What to produce — Please print exactly the lines running from the one that contains "Some of the text" to the end of the data, with both lines included.

(Free-text object descriptions)
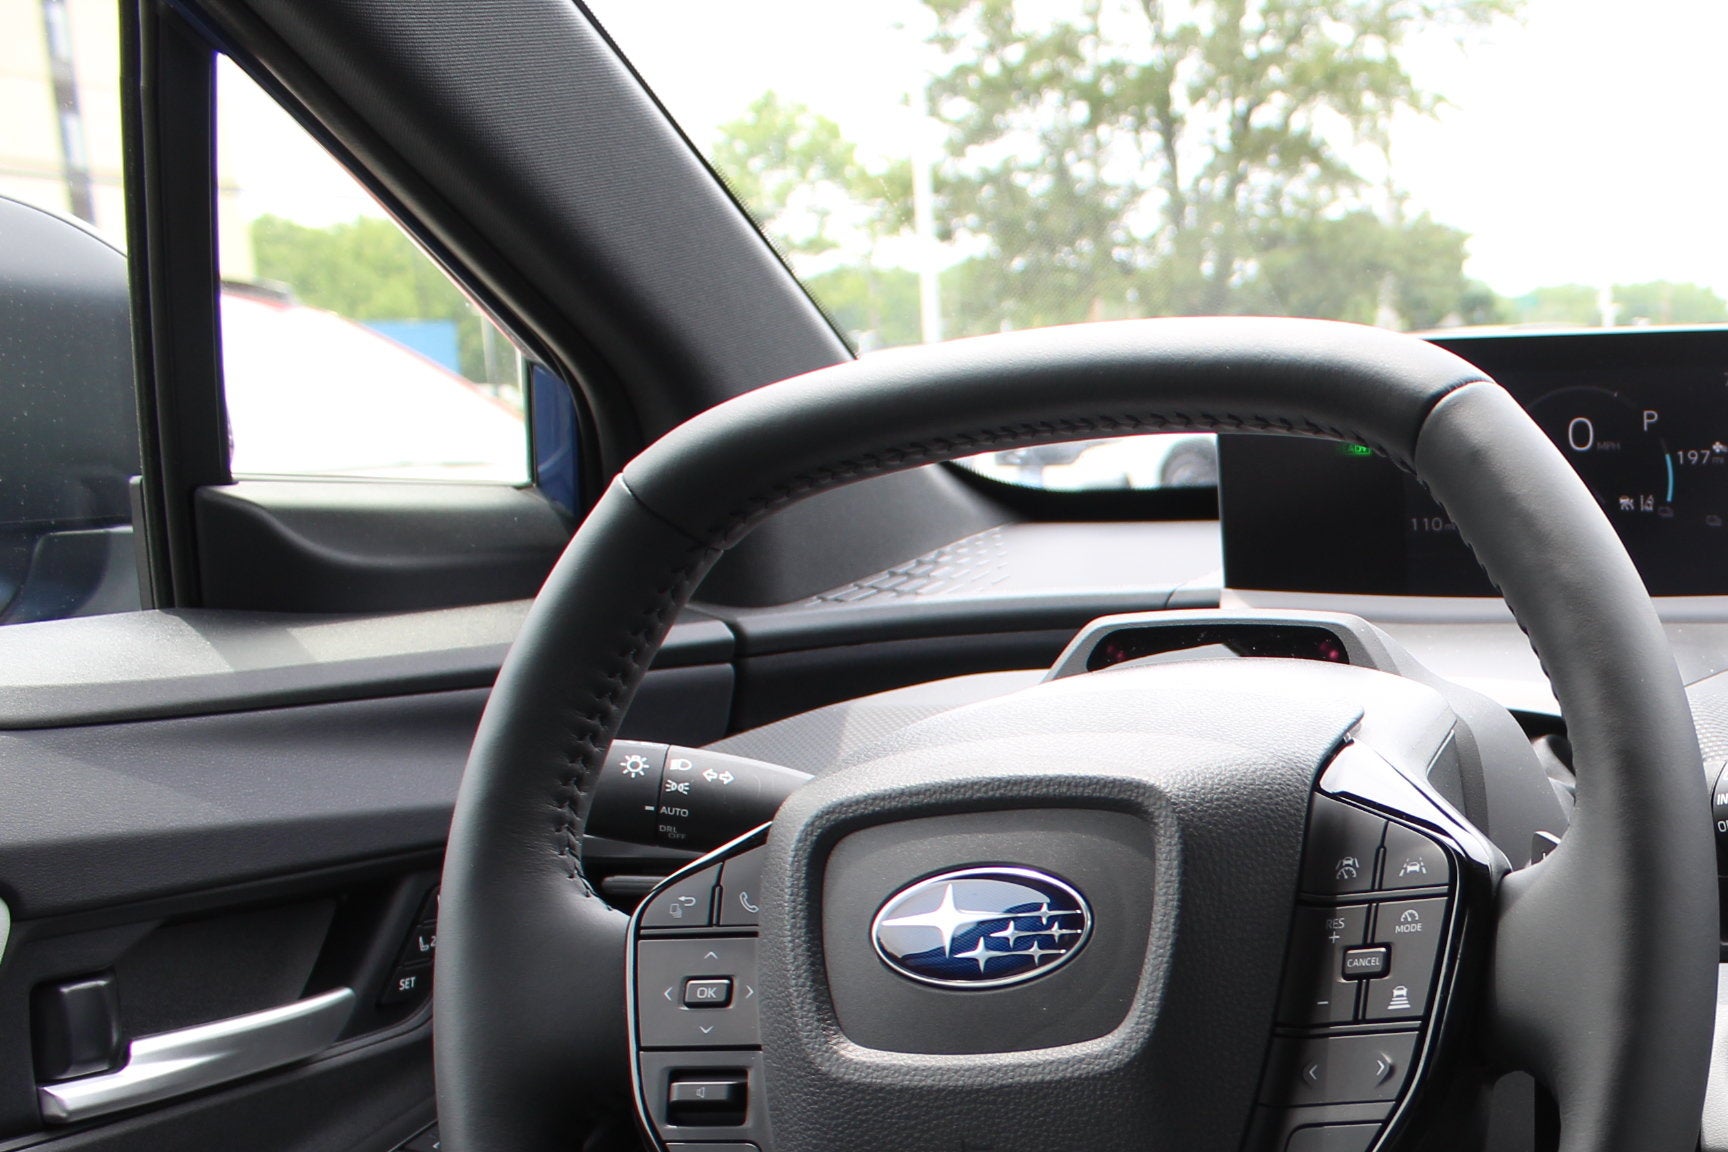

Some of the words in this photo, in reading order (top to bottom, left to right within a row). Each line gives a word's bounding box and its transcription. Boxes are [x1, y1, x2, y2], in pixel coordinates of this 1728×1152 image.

[1644, 410, 1658, 431] P
[1678, 451, 1710, 464] 197
[1411, 518, 1443, 531] 110
[660, 806, 688, 817] AUTO
[659, 825, 679, 835] DRL
[1326, 918, 1345, 929] RES
[1395, 920, 1421, 933] MODE
[1348, 957, 1379, 967] CANCEL
[399, 977, 415, 990] SET
[697, 987, 716, 998] OK
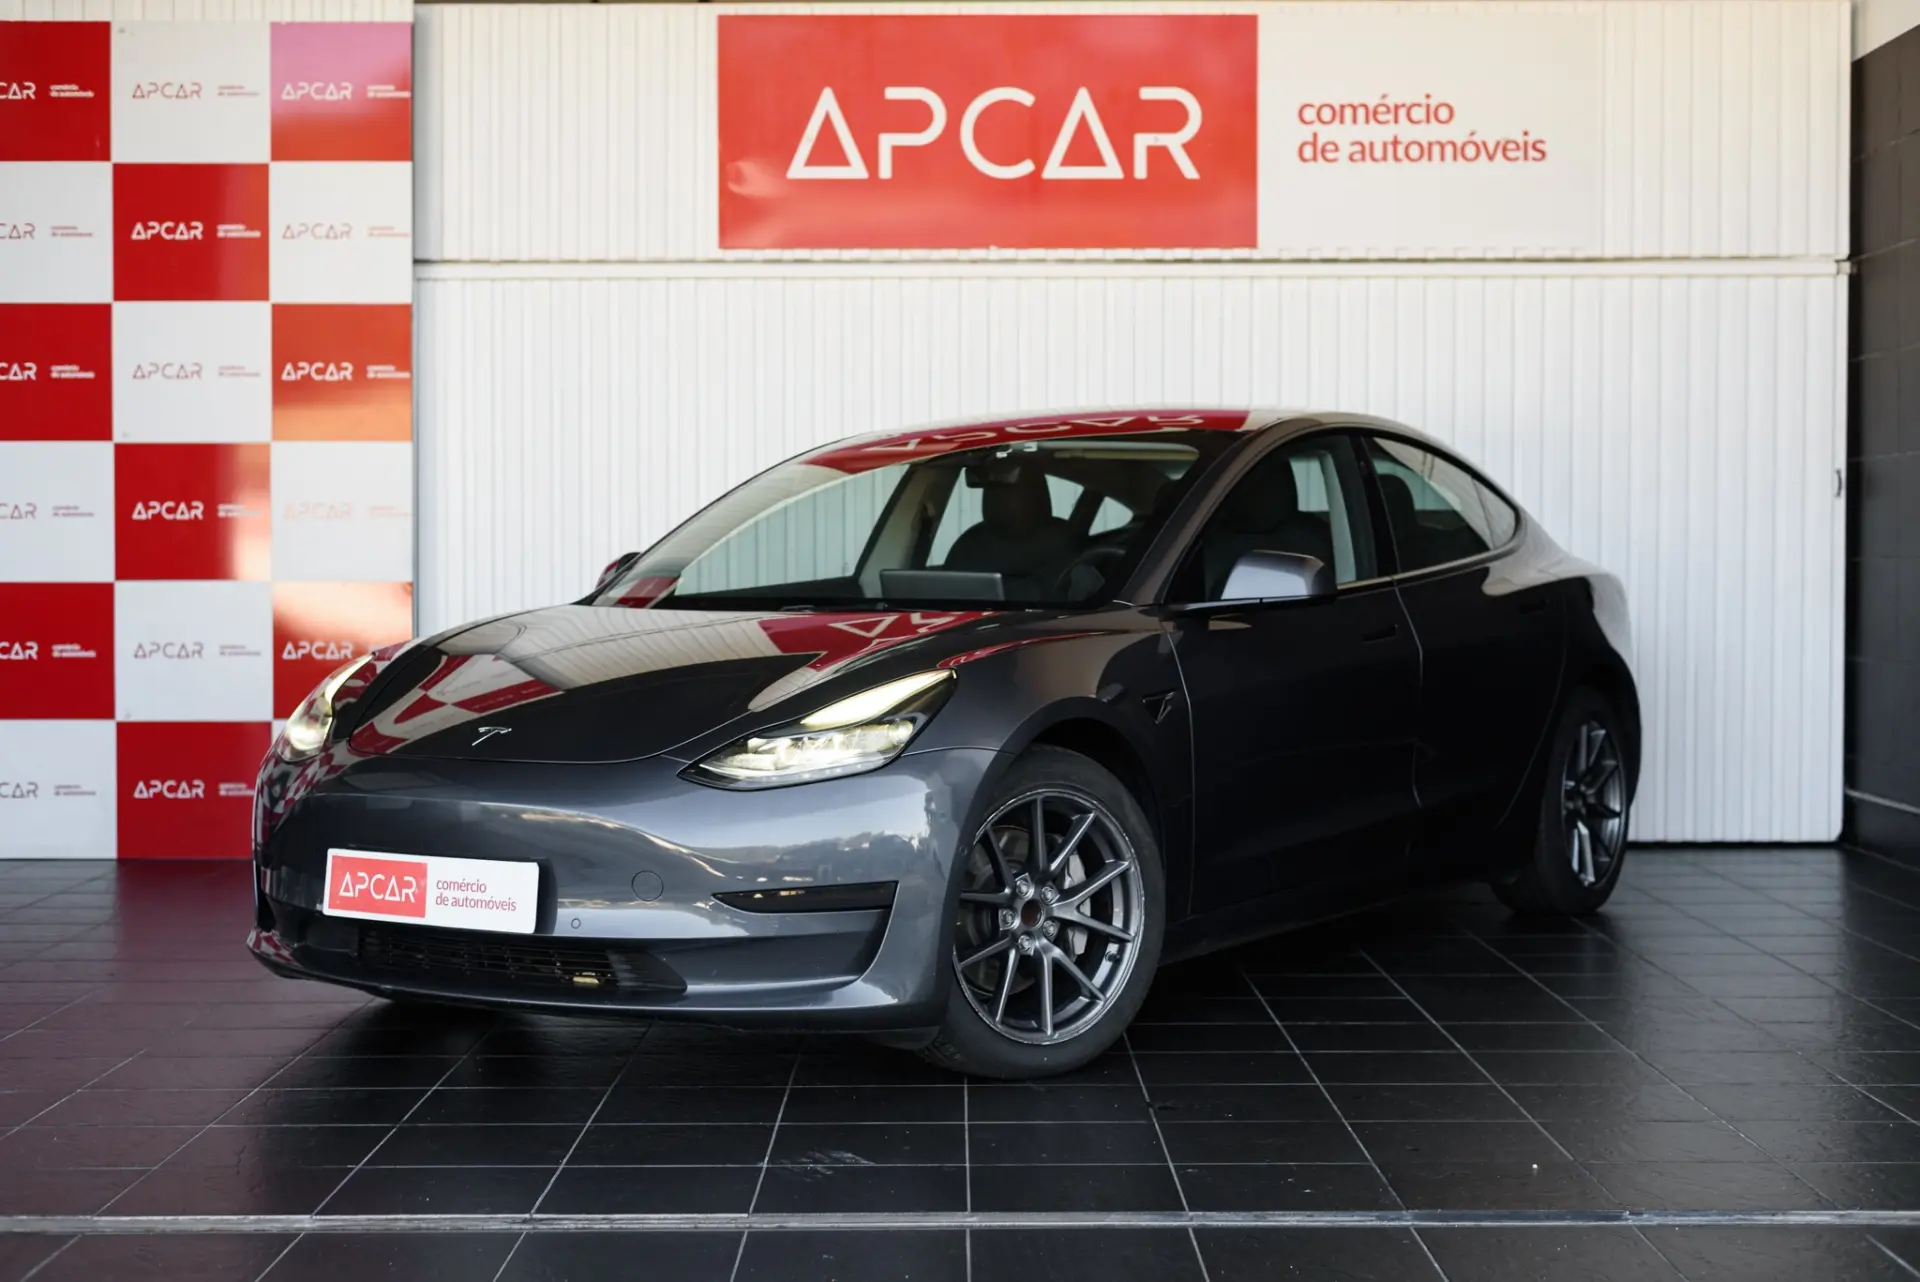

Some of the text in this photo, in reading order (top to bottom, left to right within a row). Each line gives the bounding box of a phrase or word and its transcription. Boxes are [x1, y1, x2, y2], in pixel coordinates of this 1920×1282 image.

[132, 82, 202, 99] APCAR
[281, 82, 353, 100] APCAR
[1298, 94, 1454, 125] comércio
[786, 87, 1203, 180] APCAR
[1298, 131, 1547, 163] de automóveis
[131, 221, 203, 240] APCAR
[282, 223, 353, 240] APCAR
[133, 362, 202, 379] APCAR
[281, 362, 353, 381] APCAR
[132, 501, 204, 520] APCAR
[134, 642, 204, 659] APCAR
[282, 641, 354, 661] APCAR
[134, 780, 204, 798] APCAR
[339, 871, 417, 903] APCAR
[436, 878, 487, 894] comércio
[435, 892, 517, 912] de automóveis

Answer section —
Some of the text in this photo, in reading order (top to bottom, left to right within a row). Each line gives the bounding box of a phrase or word and its transcription. Boxes are [x1, y1, x2, y2], in pixel coordinates of this 1920×1282 image.

[132, 82, 202, 99] APCAR
[281, 82, 353, 100] APCAR
[1298, 94, 1454, 125] comércio
[786, 87, 1203, 180] APCAR
[1298, 131, 1547, 163] de automóveis
[131, 221, 203, 240] APCAR
[282, 223, 353, 240] APCAR
[133, 362, 202, 379] APCAR
[281, 362, 353, 381] APCAR
[132, 501, 204, 520] APCAR
[134, 642, 204, 659] APCAR
[282, 641, 354, 661] APCAR
[134, 780, 204, 798] APCAR
[339, 871, 417, 903] APCAR
[436, 878, 487, 894] comércio
[435, 892, 517, 912] de automóveis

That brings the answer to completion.